*ENTRIES SUPPLIED*

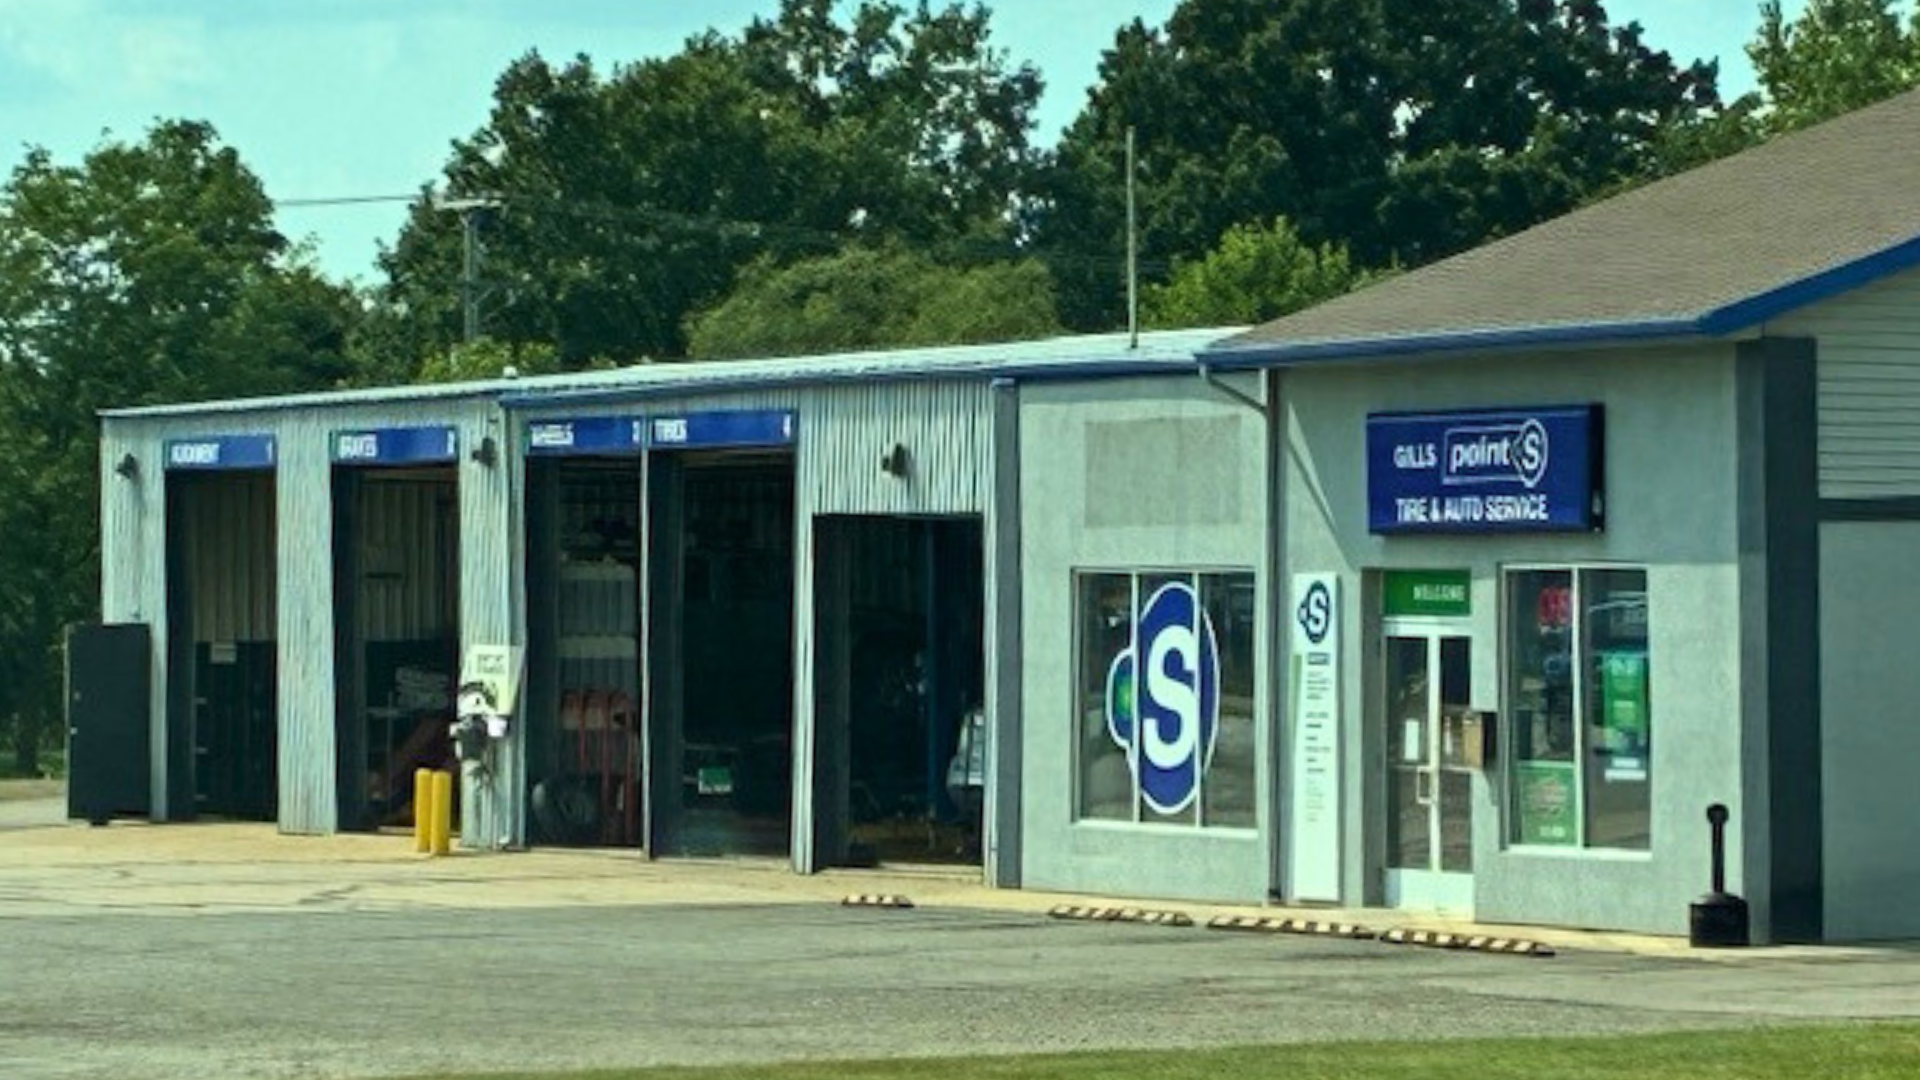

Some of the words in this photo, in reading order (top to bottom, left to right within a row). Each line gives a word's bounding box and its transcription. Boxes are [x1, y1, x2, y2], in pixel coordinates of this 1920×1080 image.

[1393, 443, 1437, 468] GILLS
[1451, 434, 1510, 473] point
[1522, 433, 1541, 470] S
[1395, 497, 1428, 522] TIRE
[1430, 497, 1441, 521] &
[1442, 496, 1483, 521] AUTO
[1485, 494, 1548, 520] SERVICE
[1307, 588, 1328, 635] S
[1143, 624, 1198, 770] S
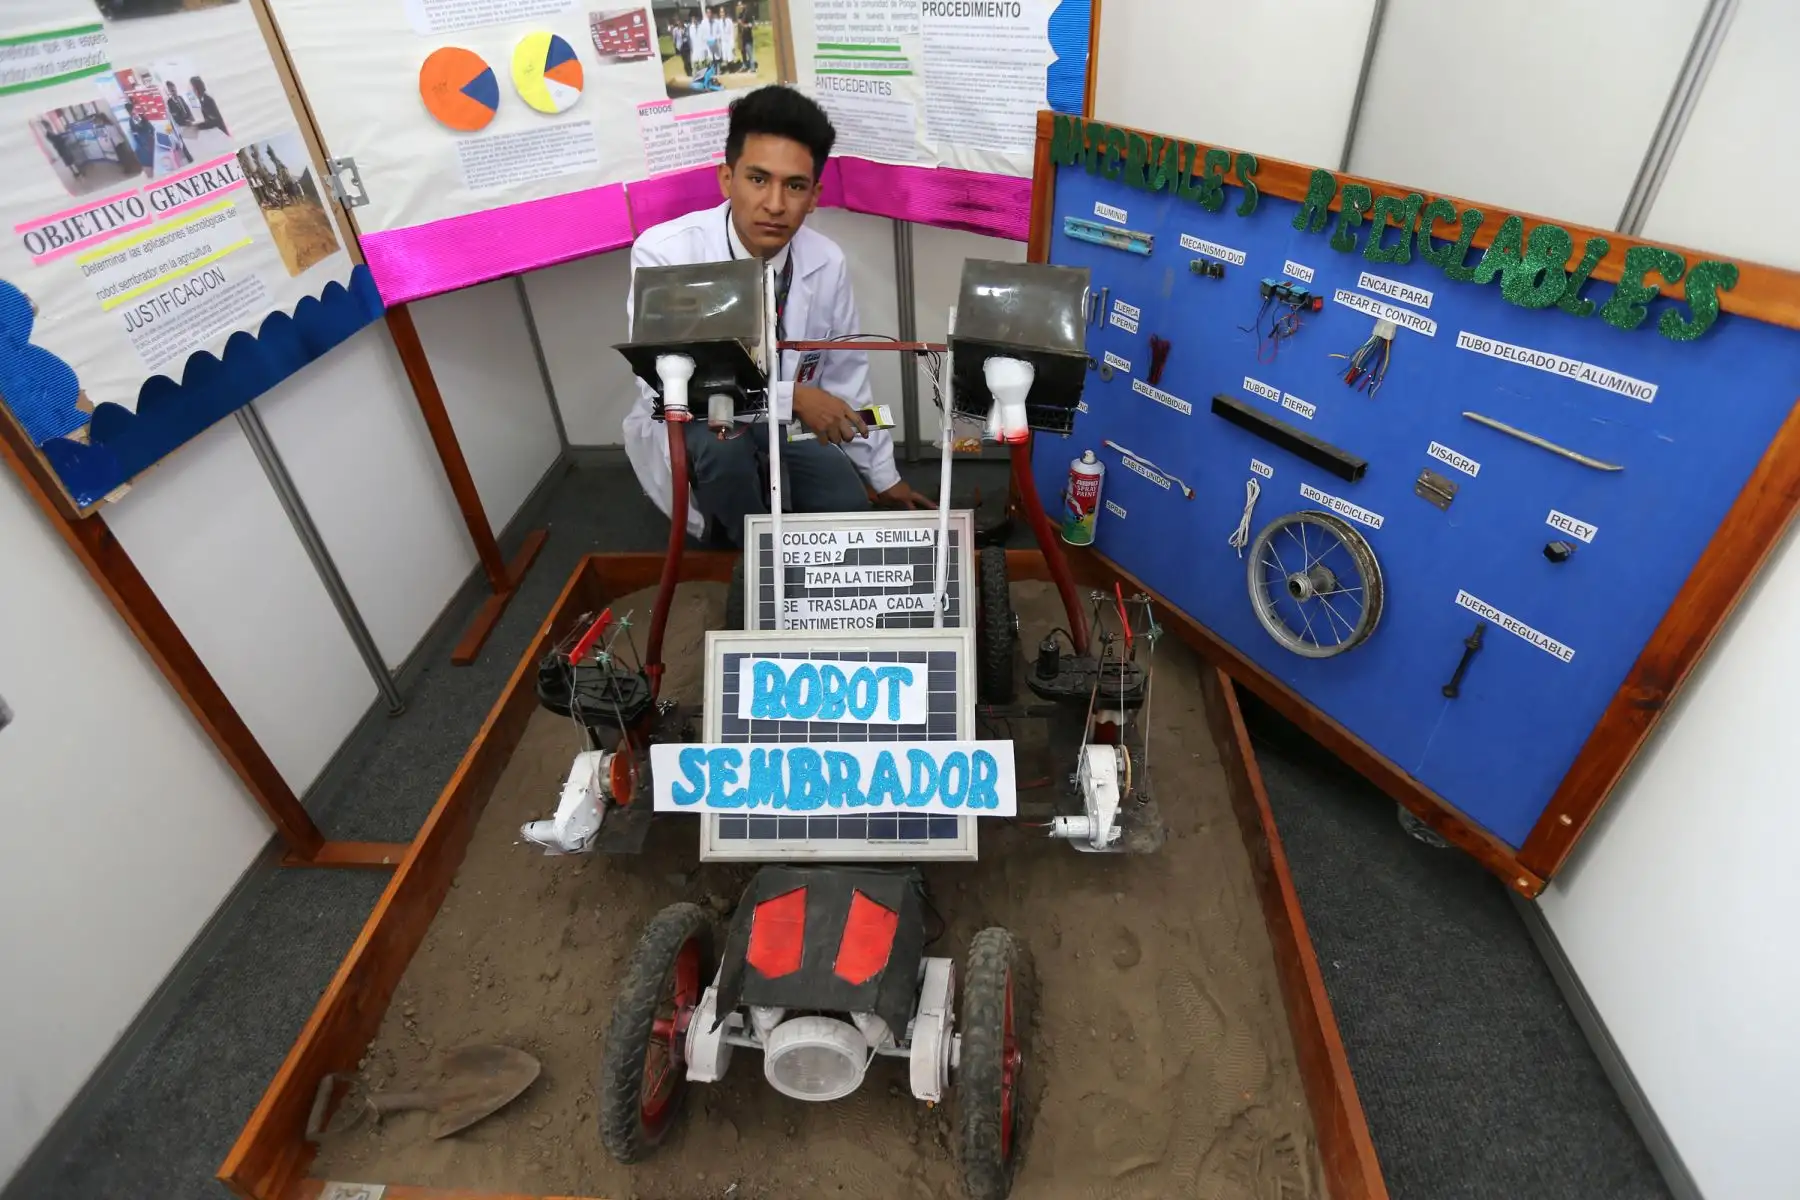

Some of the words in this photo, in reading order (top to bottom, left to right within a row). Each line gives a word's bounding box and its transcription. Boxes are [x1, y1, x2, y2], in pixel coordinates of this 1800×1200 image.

[922, 1, 1021, 18] PROCEDIMIENTO
[815, 76, 892, 96] ANTECEDENTES
[639, 105, 673, 116] METODOS
[1051, 115, 1259, 218] MATERIALES
[23, 196, 145, 255] OBJETIVO
[1096, 205, 1126, 222] ALUMINIO
[81, 252, 128, 277] Determinar
[129, 247, 142, 258] las
[142, 229, 187, 254] aplicaciones
[1181, 237, 1227, 259] MECANISMO
[1228, 251, 1244, 265] DVD
[1292, 169, 1739, 341] RECICLABLES
[96, 282, 118, 300] robot
[119, 265, 158, 291] sembrador
[159, 263, 168, 274] en
[168, 258, 178, 270] la
[178, 244, 212, 266] agricultura
[1285, 263, 1313, 281] SUICH
[124, 266, 226, 333] JUSTIFICACION
[1360, 276, 1399, 296] ENCAJE
[1400, 288, 1430, 307] PARA
[1115, 302, 1139, 317] TUERCA
[1336, 290, 1369, 310] CREAR
[1371, 302, 1383, 315] EL
[1385, 308, 1433, 333] CONTROL
[1116, 317, 1137, 333] PERNO
[1460, 335, 1491, 352] TUBO
[1493, 344, 1556, 370] DELGADO
[1558, 361, 1579, 376] DE
[1579, 368, 1653, 400] ALUMINIO
[1133, 382, 1153, 397] CABLE
[1154, 391, 1191, 414] INDIBIDUAL
[1245, 380, 1265, 395] TUBO
[1266, 390, 1279, 401] DE
[1284, 397, 1314, 418] FIERRO
[1123, 458, 1146, 475] CABLES
[1146, 471, 1170, 488] UNIDOS
[1252, 462, 1270, 477] HILO
[1430, 443, 1476, 475] VISAGRA
[1107, 501, 1126, 517] SPRAY
[1303, 487, 1321, 501] ARO
[1322, 495, 1334, 507] DE
[1334, 500, 1381, 527] BICICLETA
[783, 532, 837, 546] COLOCA
[848, 531, 865, 544] LA
[876, 529, 931, 543] SEMILLA
[1550, 514, 1592, 539] RELEY
[783, 551, 800, 564] DE
[804, 551, 811, 563] 2
[814, 551, 831, 563] EN
[835, 550, 842, 562] 2
[807, 571, 841, 585] TAPA
[844, 570, 861, 584] LA
[865, 570, 912, 583] TIERRA
[784, 600, 798, 612] SE
[808, 598, 877, 612] TRASLADA
[886, 596, 924, 610] CADA
[1459, 593, 1500, 623] TUERCA
[1503, 617, 1573, 661] REGULABLE
[751, 660, 913, 722] ROBOT
[671, 747, 999, 811] SEMBRADOR
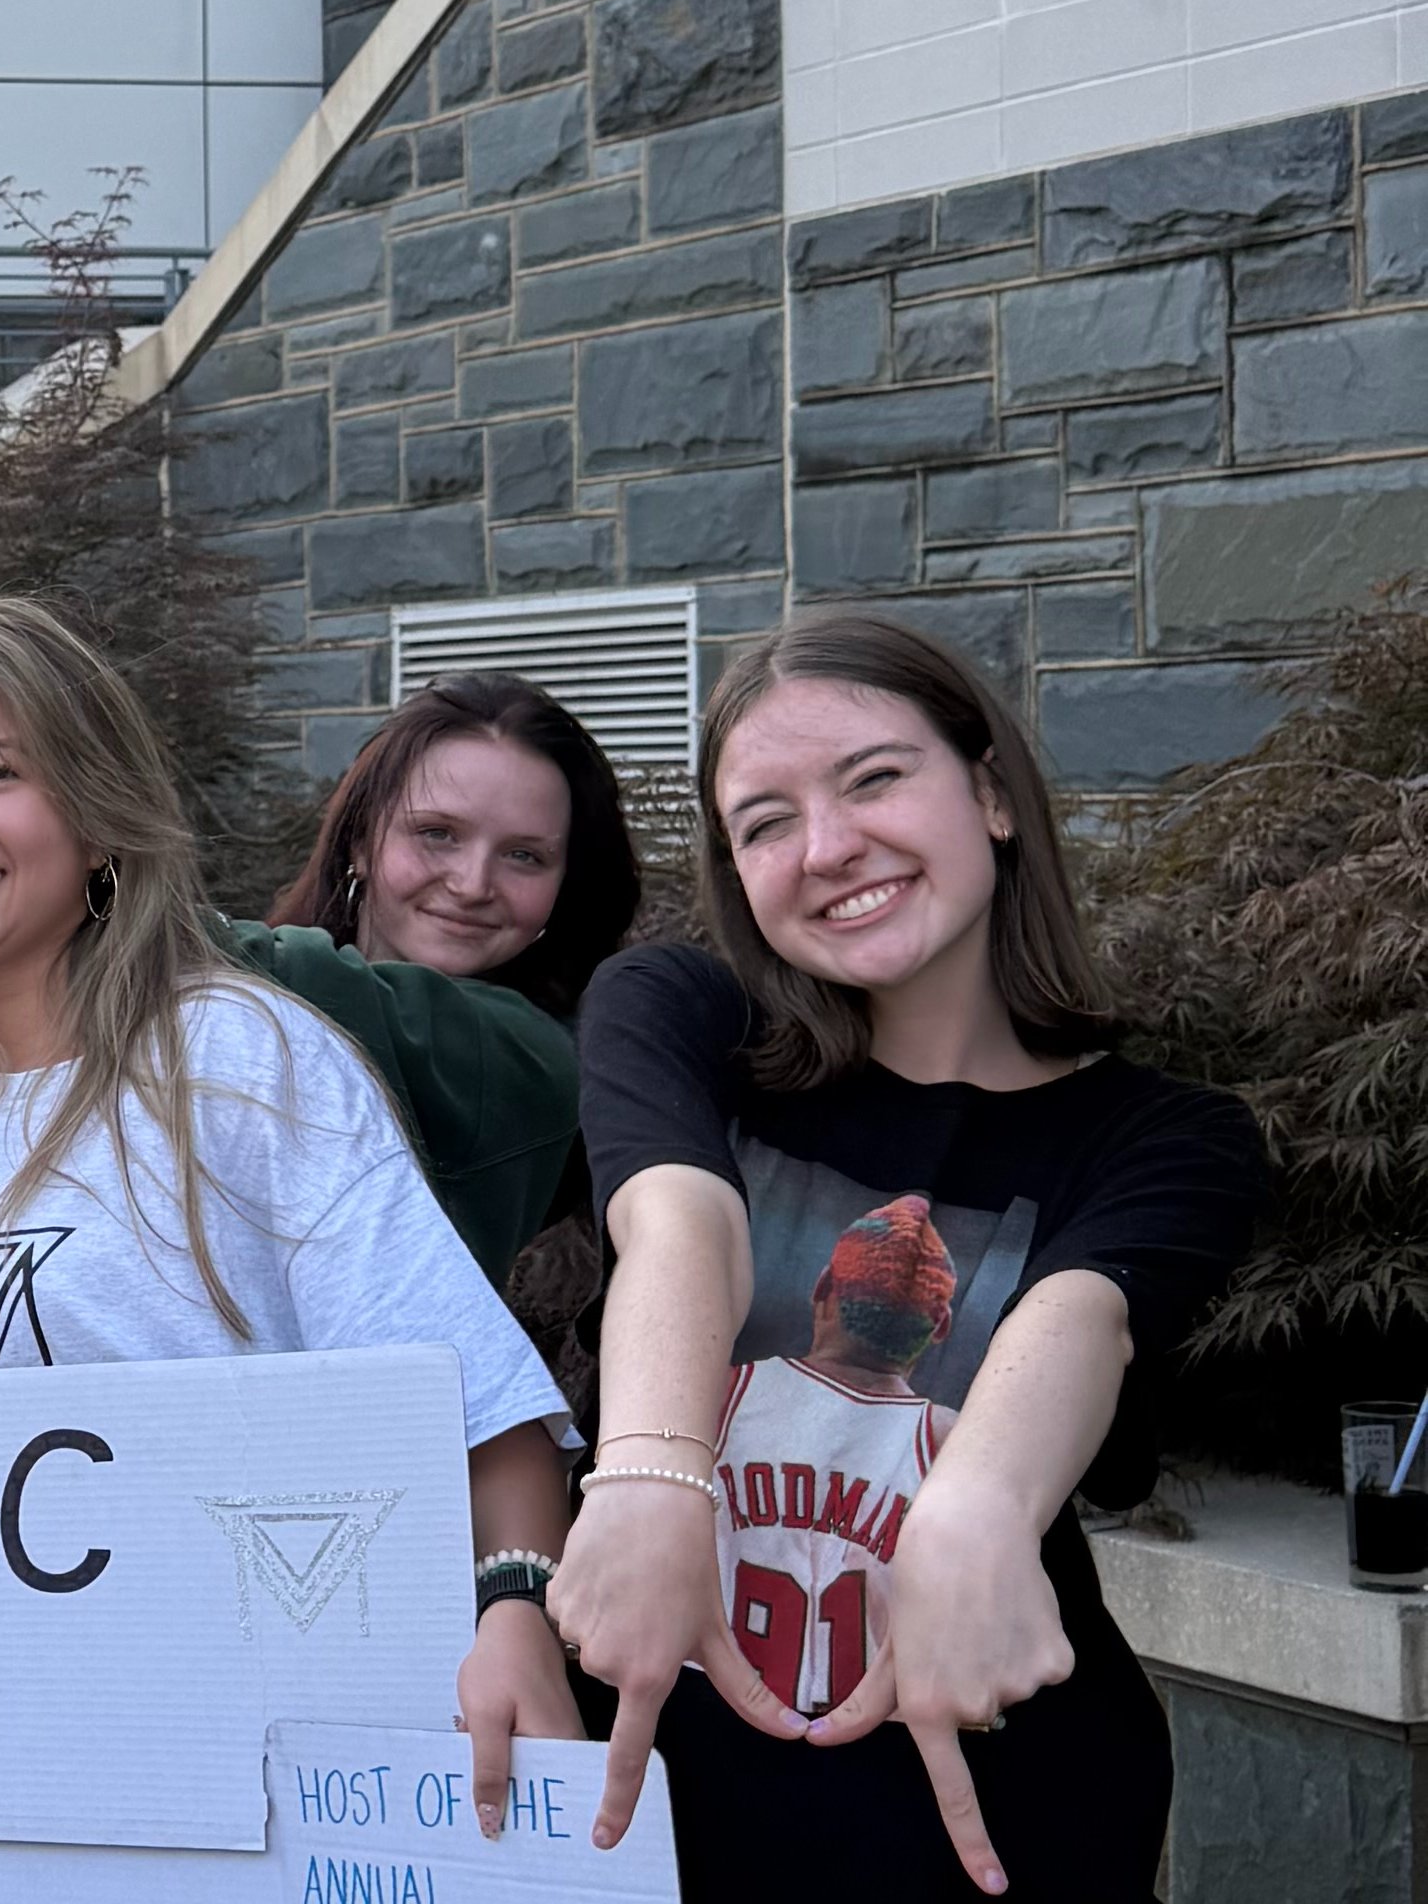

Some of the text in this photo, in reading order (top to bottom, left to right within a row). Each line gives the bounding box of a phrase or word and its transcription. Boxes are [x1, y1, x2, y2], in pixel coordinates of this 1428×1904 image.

[297, 1763, 571, 1838] HOST OF HE

*ASSIGNED TASK*
From the line holding "Some of the text" down to the final line above, quote every line exactly and only those lines.

*TASK OUTPUT*
Some of the text in this photo, in reading order (top to bottom, left to right within a row). Each line gives the bounding box of a phrase or word and its transcription. Boxes are [x1, y1, x2, y2], in pixel coordinates of this 1428×1904 image.

[297, 1763, 571, 1838] HOST OF HE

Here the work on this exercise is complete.